Kedua, anak-anak dari istri Nabi saw. tidak kemudian menjadi saudara nasab bagi setiap mukmin
Tak hanya itu, saudara-saudara dari istri Nabi saw tidak kemudian menjadi paman ataupun bibi bagi orang-orang mukmin. Sehingga, para sahabat maupun tabi’in yang semasa dengan beliau-beliau tetap tidak diperbolehkan untuk berkhalwat dengan anak dan saudara dari istri Nabi saw.
Lalu bagaimana jika menikahi anak dan saudara dari ummahatul mukminin?
Menikahi anak ataupun saudara dari istri Nabi saw. adalah suatu hal yang diperbolehkan. Sebagaimana ketika sahabat Ali ra. menikahi sayyidah Fathimah r.a. yang merupakan putri dari pernikahan Nabi saw. dengan Sayyidah Khadijah.

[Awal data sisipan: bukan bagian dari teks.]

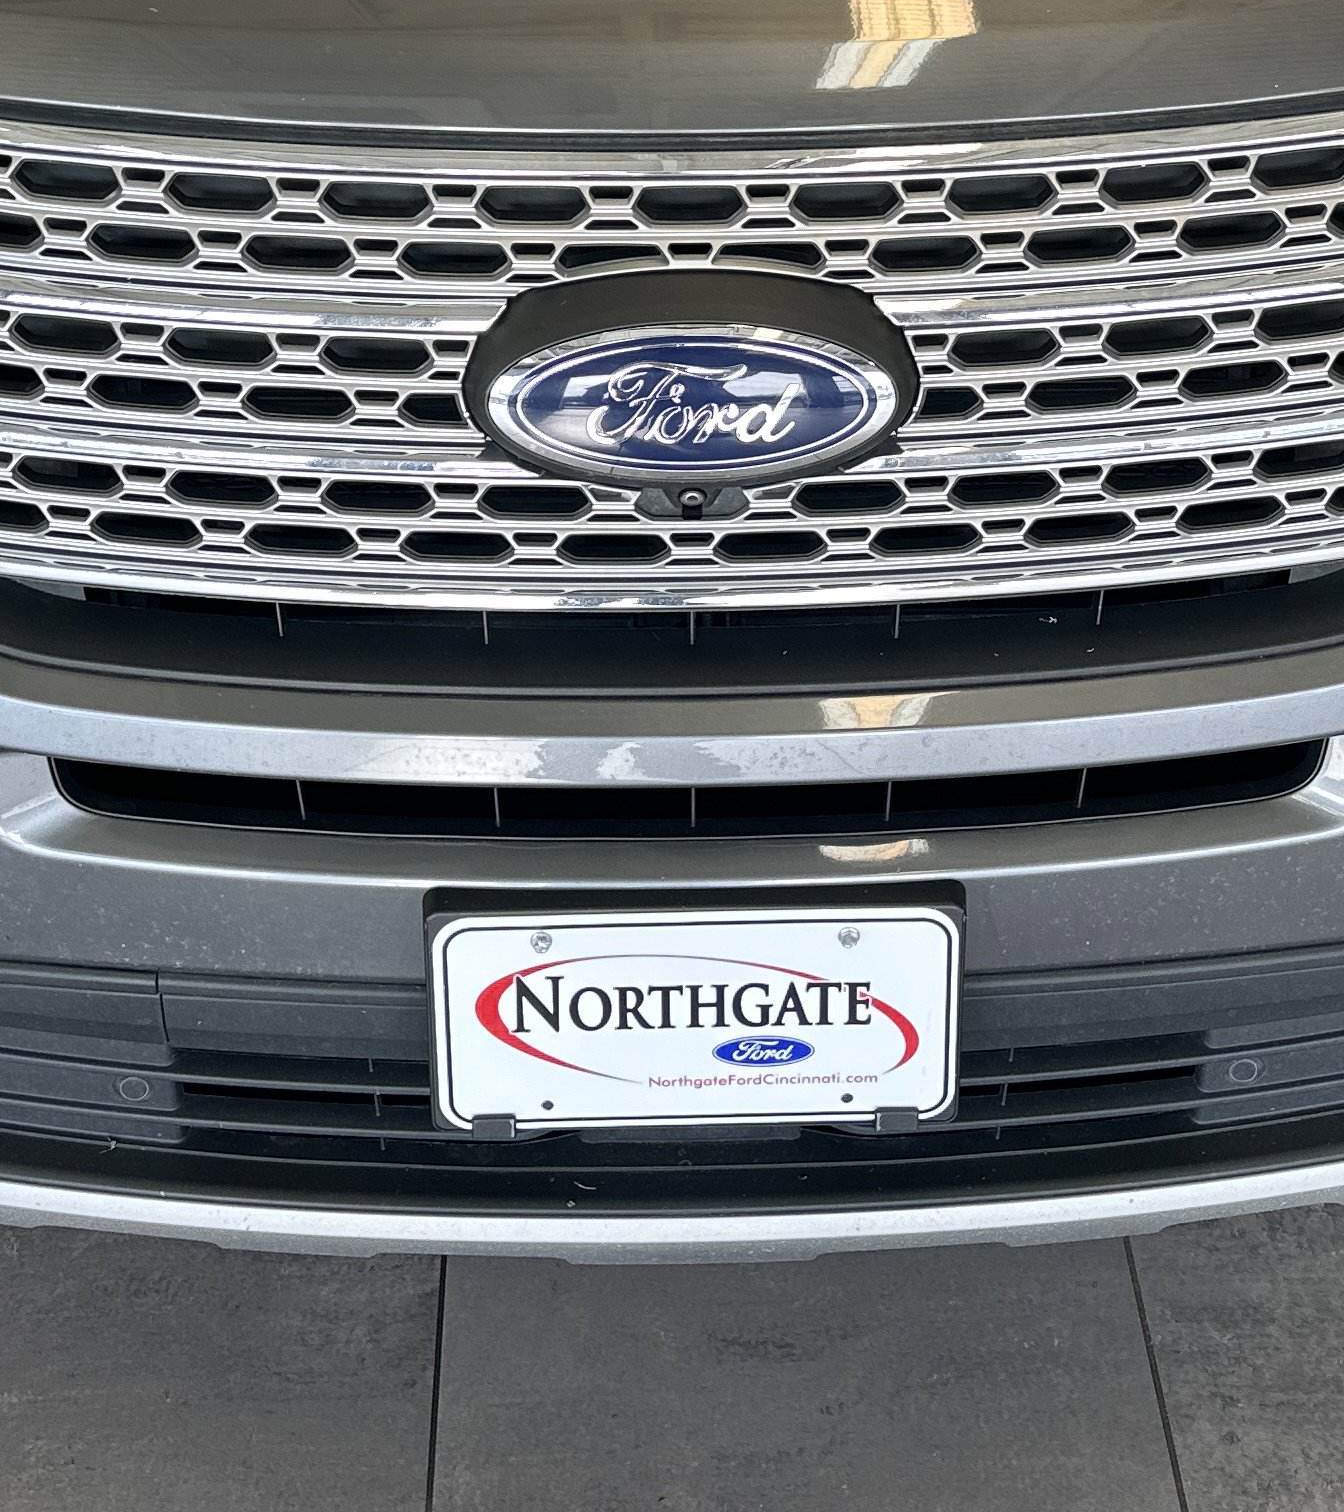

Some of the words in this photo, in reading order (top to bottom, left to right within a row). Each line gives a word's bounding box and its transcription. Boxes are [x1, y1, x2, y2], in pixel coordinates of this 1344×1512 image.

[586, 360, 801, 445] Ford
[511, 975, 873, 1033] NORTHGATE
[731, 1041, 795, 1061] Ford
[648, 1073, 879, 1090] NorthgateFordCincinnati.com

Dari penjelasan tersebut, dapat kita pahami bahwa sebutan ummahatul mukminin merupakan sebutan khusus bagi istri Nabi saw. yang berdampak pada sisi keharaman menikahinya pasca wafatnya Nabi saw. sebagaimana anak laki-laki haram menikahi ibunya dan merupakan sebuah sebutan untuk memuliakannya selayaknya seorang ibu bagi anak-anaknya. Wallahu a’lam bisshawab.